NFTs & Physical Art 

Prices of physical art are often prohibitive. (Some digital artworks are surely not wallet-friendly as well.) But such expensive artworks can be made accessible to ordinary collectors through tokenization, which also makes tracing the ownership of artworks much easier. For example, we can tokenize, or NFTize, a precious art piece and split it up into thousands of individual NFTs. This allows collectors to acquire artworks as a DAO.  
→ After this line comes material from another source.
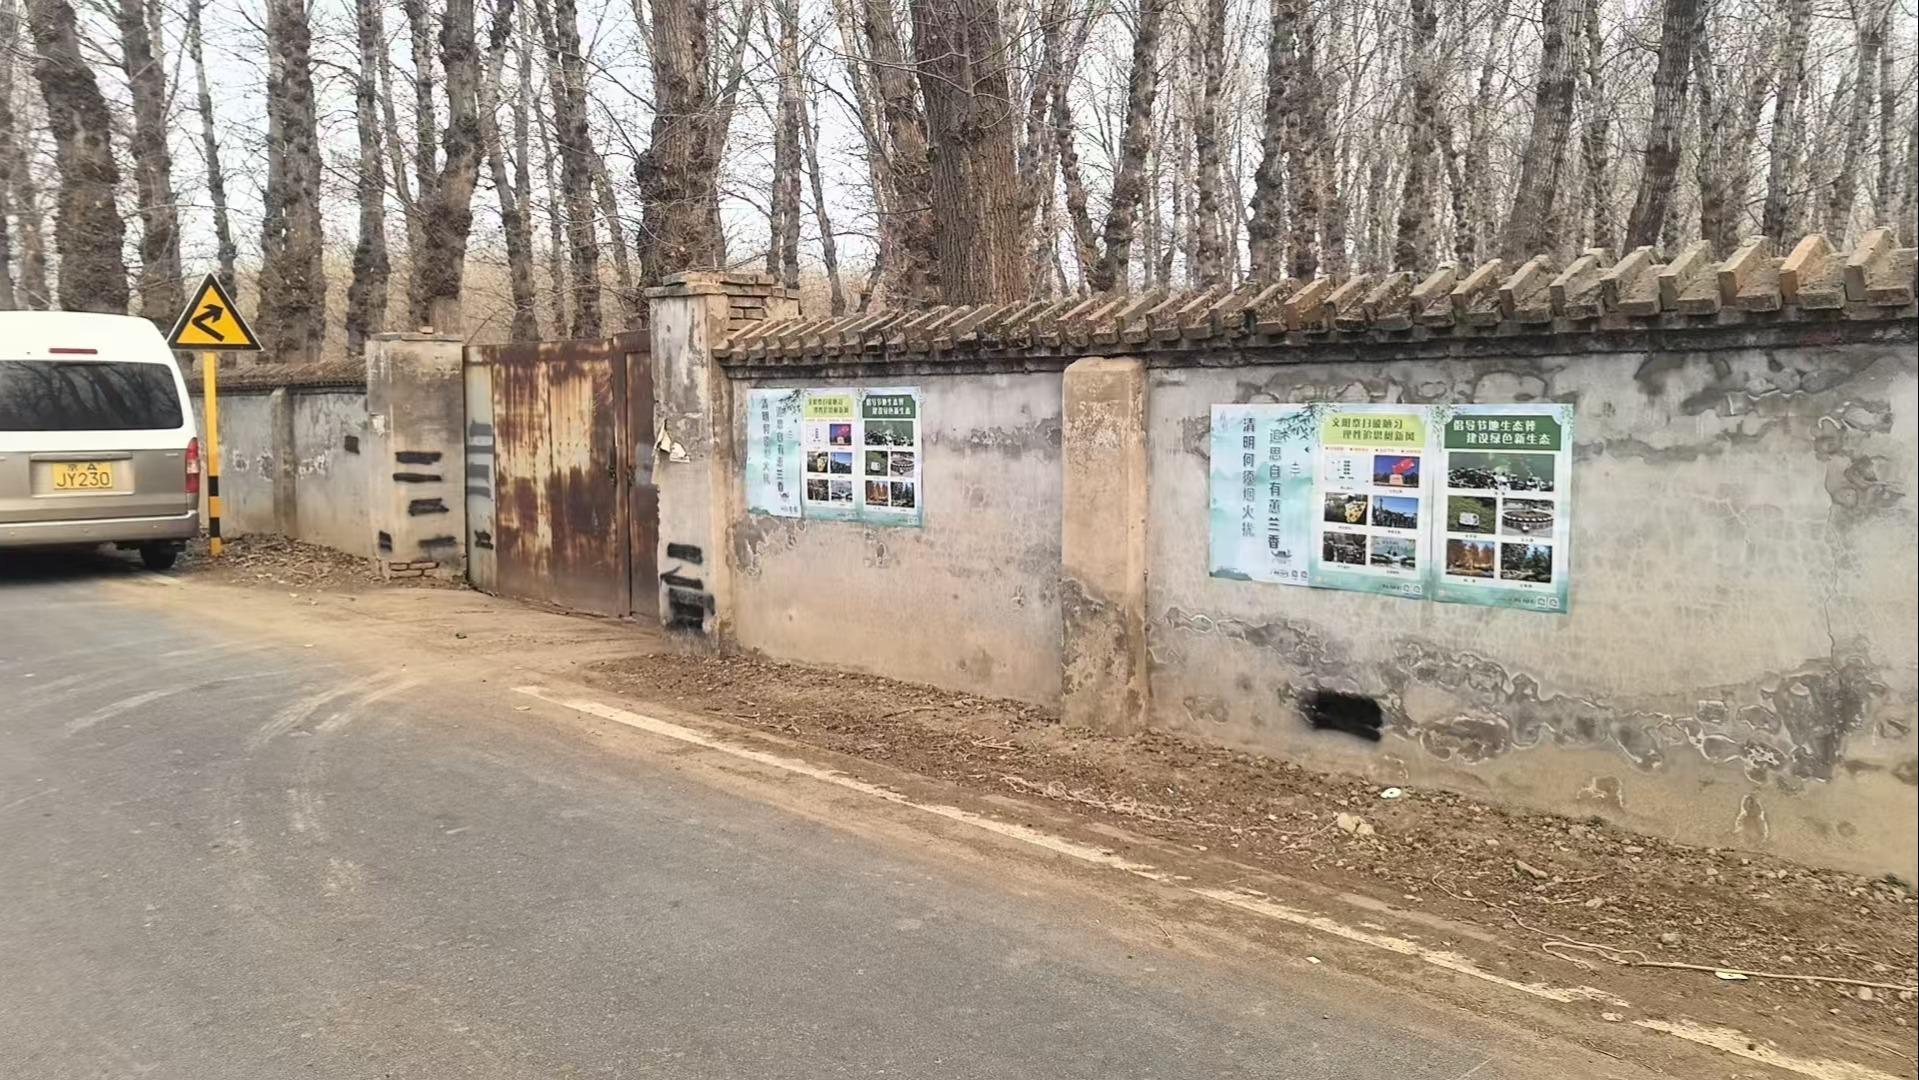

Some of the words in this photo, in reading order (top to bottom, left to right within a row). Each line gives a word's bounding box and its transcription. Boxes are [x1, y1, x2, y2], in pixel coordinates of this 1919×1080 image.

[1466, 432, 1551, 445] 建设绿色新生态
[56, 471, 111, 487] JY230
Supported by TRON founder Justin Sun, APENFT Foundation has always been committed to NFTizing the world’s physical art masterpieces. Its NFT trading platform APENFT Marketplace went live on April 15, enabling a wider public to own a precious piece of art. 

NFTs & Digital Avatars

Digital avatars are an early use case of NFTs. From Crypto Punks in 2017 to the recent Bored Ape Yacht Club, NFT avatars have fetched more money than even the aforementioned NFT artworks. Today, with the exposure brought by Justin Sun, Stephen Curry, Jay Chou, and other celebrities, top NFT avatars have already been established as a symbol of status and recognized luxury worldwide. 

There are also games and DAOs using NFT avatars as proof of membership. It looks like these little pieces of digital art still have a promising story to tell in Web3 and the metaverse. 

NFTs & Moments

Moments NFTs are a creation of NBA Top Shot, a blockchain-based game that tokenizes NBA games’ epic highlights and sells them to fans. Inspired by the idea, Aston Martin joined the ranks and began to sell NFTs of F1 race highlights to fans. The most controversial of all is Jack Dorsey, founder of Twitter, who managed to sell the NFT of his first Tweet for $3 million. 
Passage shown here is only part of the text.